# [Exercise prompt]
Make an exact copy of the records that follow, with each picture omitted.

(Stored entries)
--- --- ---

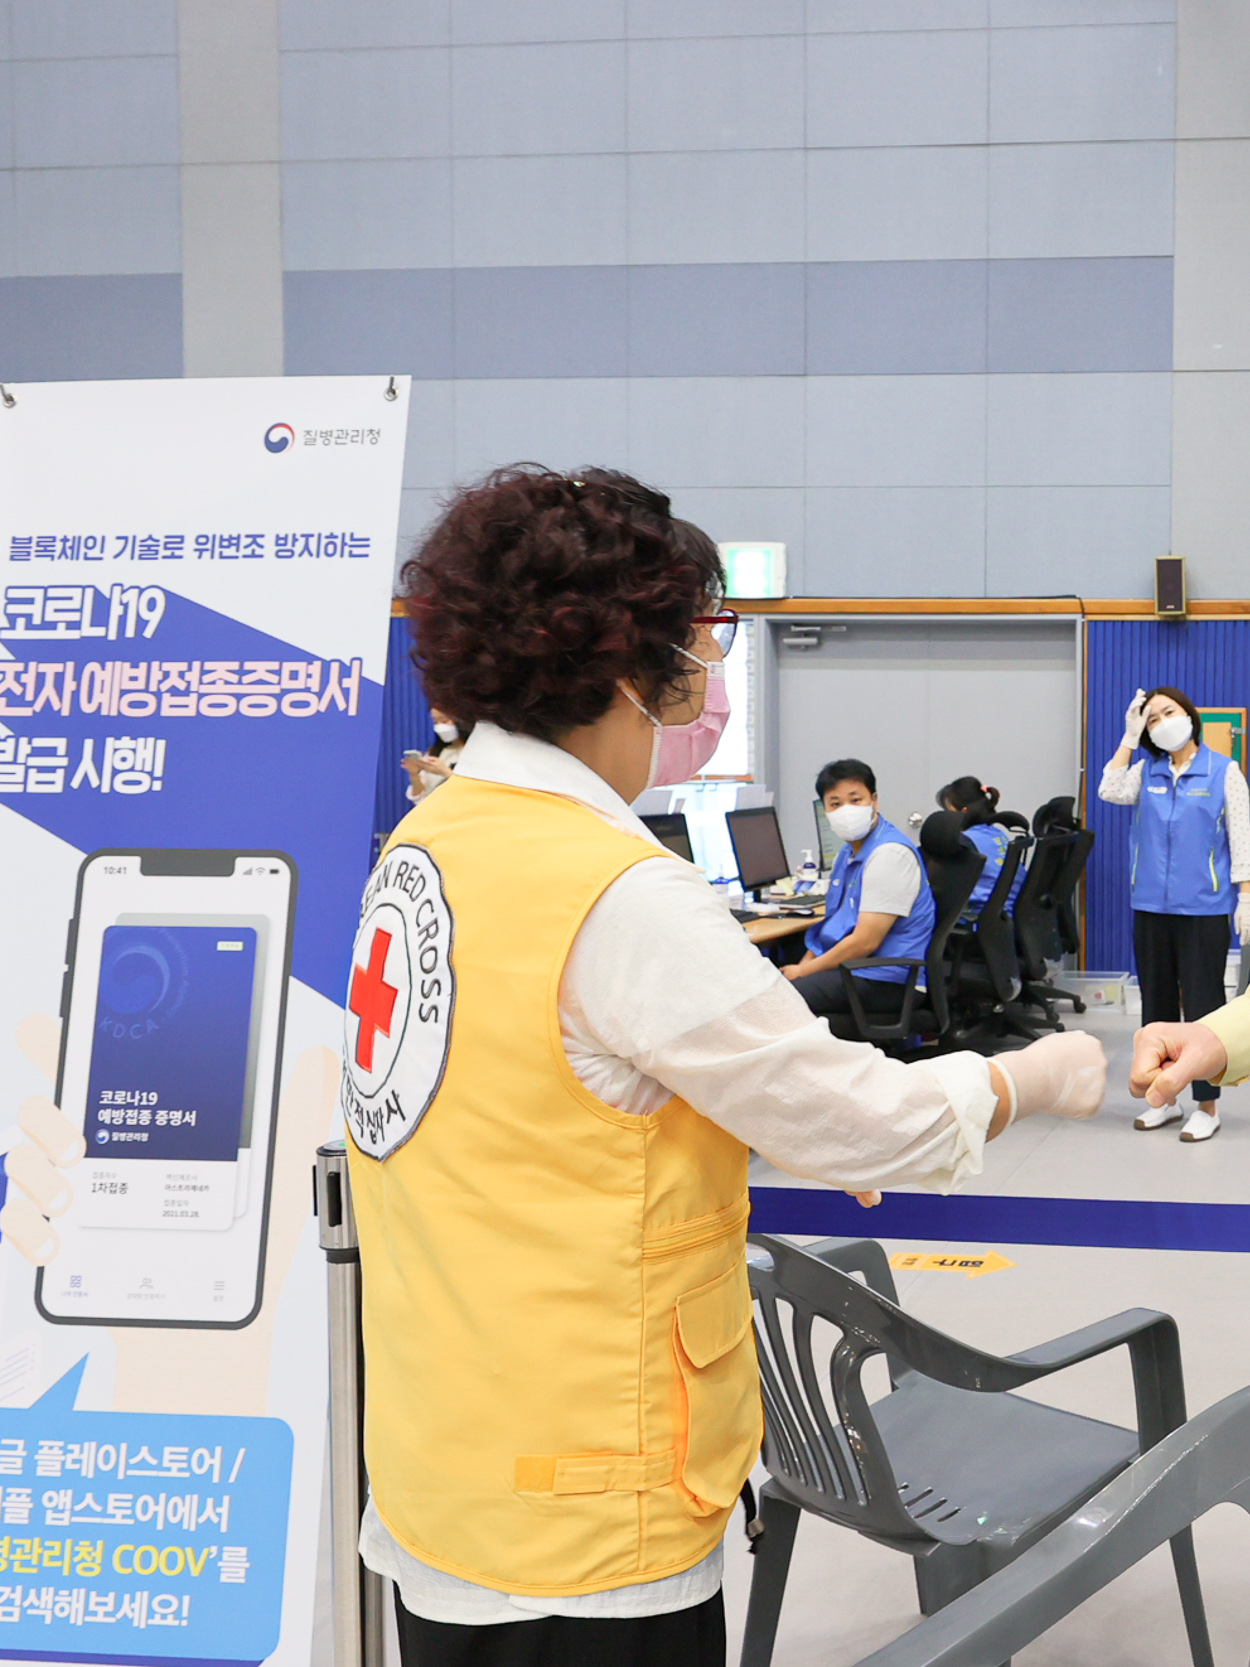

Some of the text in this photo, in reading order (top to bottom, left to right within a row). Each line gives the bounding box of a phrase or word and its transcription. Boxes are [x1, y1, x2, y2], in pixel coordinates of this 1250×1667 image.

[303, 427, 381, 446] 질병관리청
[9, 532, 371, 562] 블록체인 기술로 위변조 방지하는
[0, 583, 166, 640] 코로나19
[0, 658, 361, 717] 전자 예방접종증명서
[0, 736, 166, 795] 발급 시행!
[103, 866, 127, 875] 10:41
[393, 860, 426, 902] RED
[414, 898, 442, 1024] CROSS
[97, 1109, 198, 1127] 예방접종 증명서
[99, 1090, 158, 1107] 코로나19
[91, 1182, 129, 1195] 1차접종
[34, 1440, 222, 1483] 플레이스토어
[0, 1486, 231, 1533] 플 앱스토어에서
[0, 1536, 104, 1578] 관리청
[0, 1585, 191, 1630] 검색해보세요!

--- --- ---

# [Response below]
Some of the text in this photo, in reading order (top to bottom, left to right within a row). Each line gives the bounding box of a phrase or word and its transcription. Boxes are [x1, y1, x2, y2], in pixel coordinates of this 1250×1667 image.

[303, 427, 381, 446] 질병관리청
[9, 532, 371, 562] 블록체인 기술로 위변조 방지하는
[0, 583, 166, 640] 코로나19
[0, 658, 361, 717] 전자 예방접종증명서
[0, 736, 166, 795] 발급 시행!
[103, 866, 127, 875] 10:41
[393, 860, 426, 902] RED
[414, 898, 442, 1024] CROSS
[97, 1109, 198, 1127] 예방접종 증명서
[99, 1090, 158, 1107] 코로나19
[91, 1182, 129, 1195] 1차접종
[34, 1440, 222, 1483] 플레이스토어
[0, 1486, 231, 1533] 플 앱스토어에서
[0, 1536, 104, 1578] 관리청
[0, 1585, 191, 1630] 검색해보세요!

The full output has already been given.